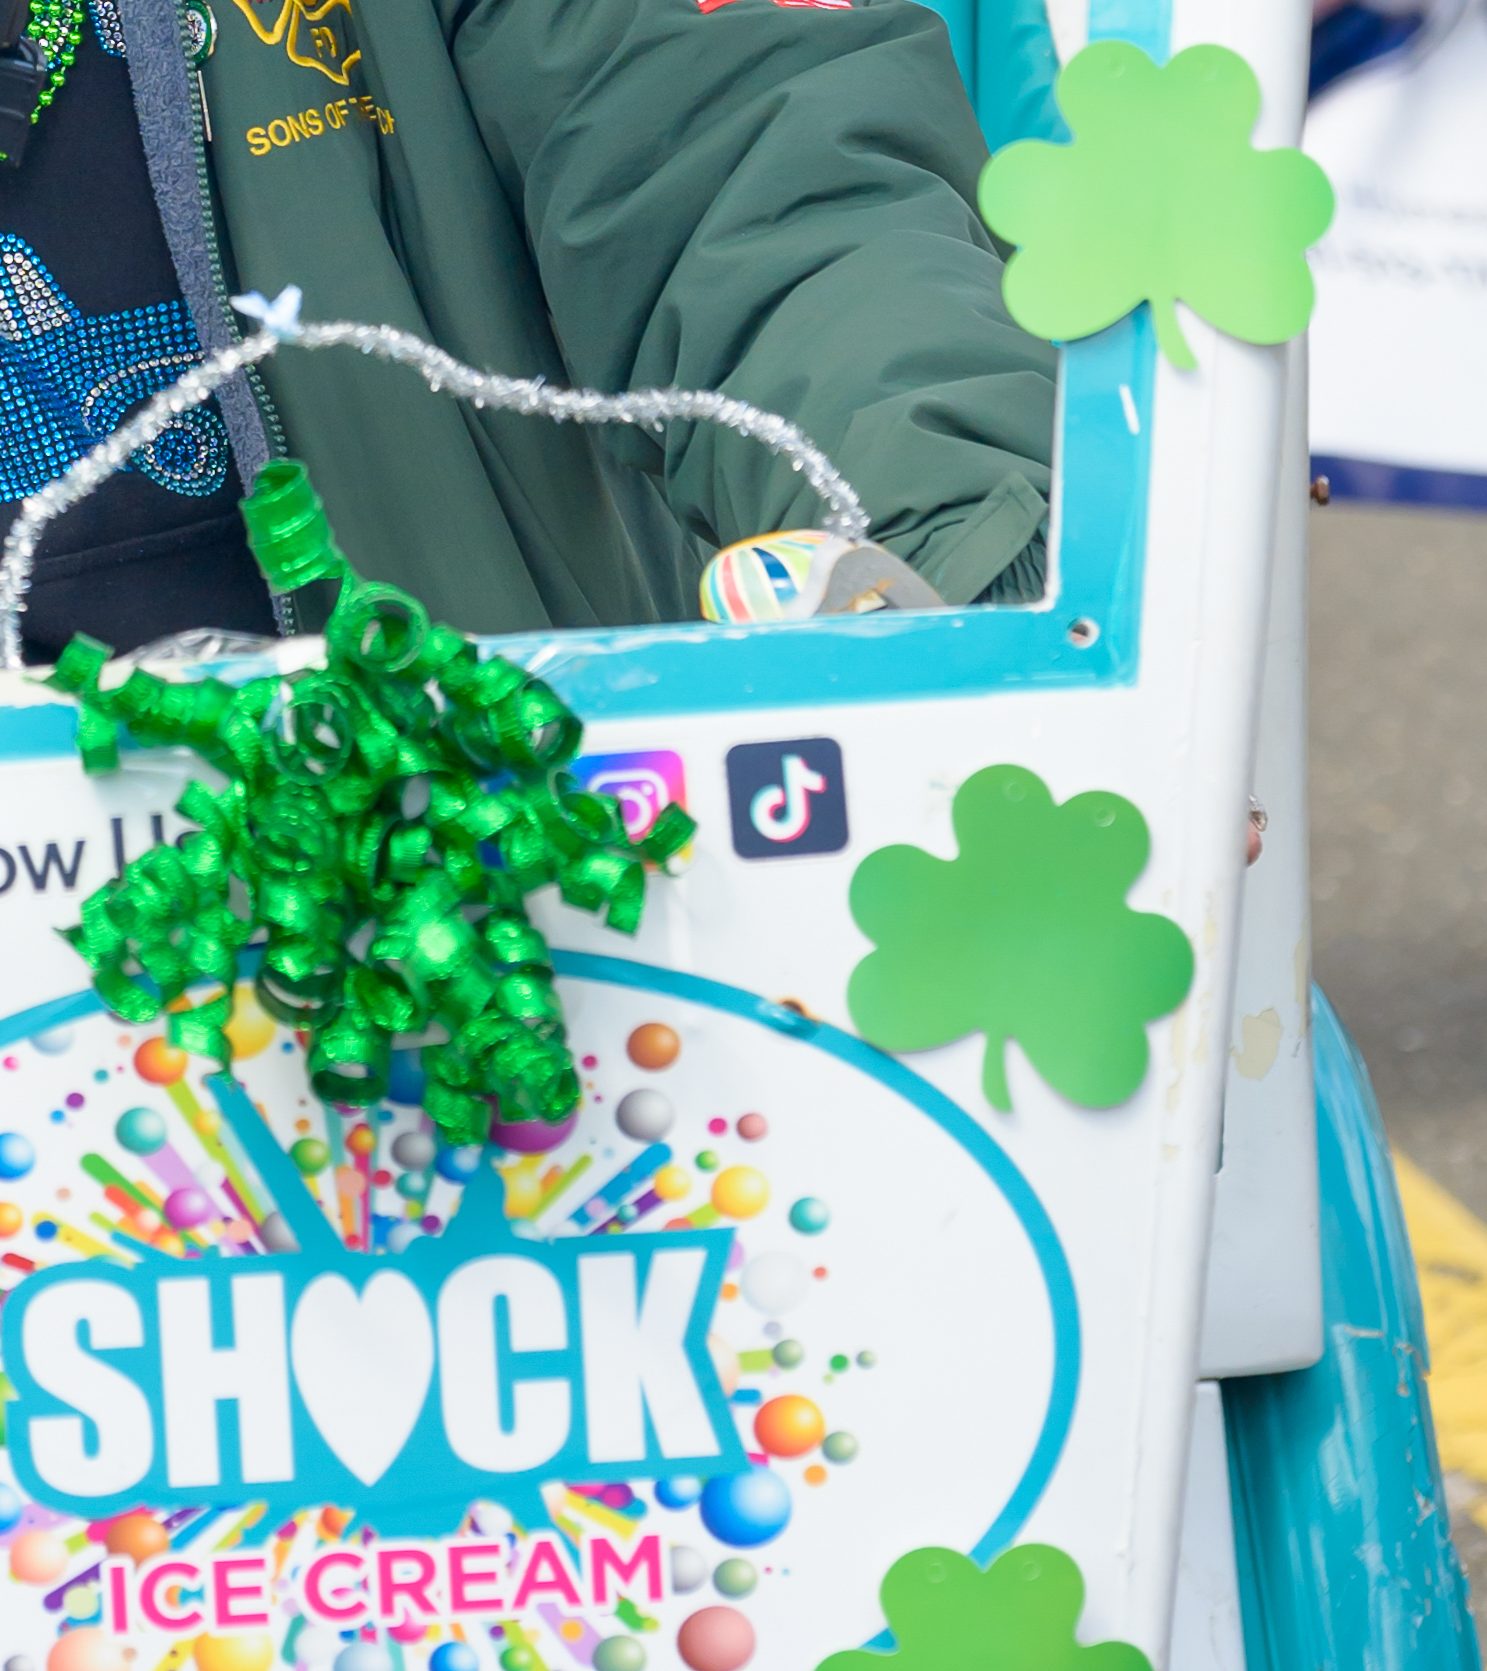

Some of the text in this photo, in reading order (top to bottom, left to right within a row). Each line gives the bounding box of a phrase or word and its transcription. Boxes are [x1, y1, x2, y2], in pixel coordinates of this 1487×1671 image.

[246, 109, 324, 156] SONS
[325, 99, 350, 129] OF
[110, 812, 207, 882] U
[108, 1534, 665, 1634] ICE CREAM

● What is needed
Please reproduce the entries above exactly, omitting every picture.

● Response to the exercise
Some of the text in this photo, in reading order (top to bottom, left to right within a row). Each line gives the bounding box of a phrase or word and its transcription. Boxes are [x1, y1, x2, y2], in pixel coordinates of this 1487×1671 image.

[246, 109, 324, 156] SONS
[325, 99, 350, 129] OF
[110, 812, 207, 882] U
[108, 1534, 665, 1634] ICE CREAM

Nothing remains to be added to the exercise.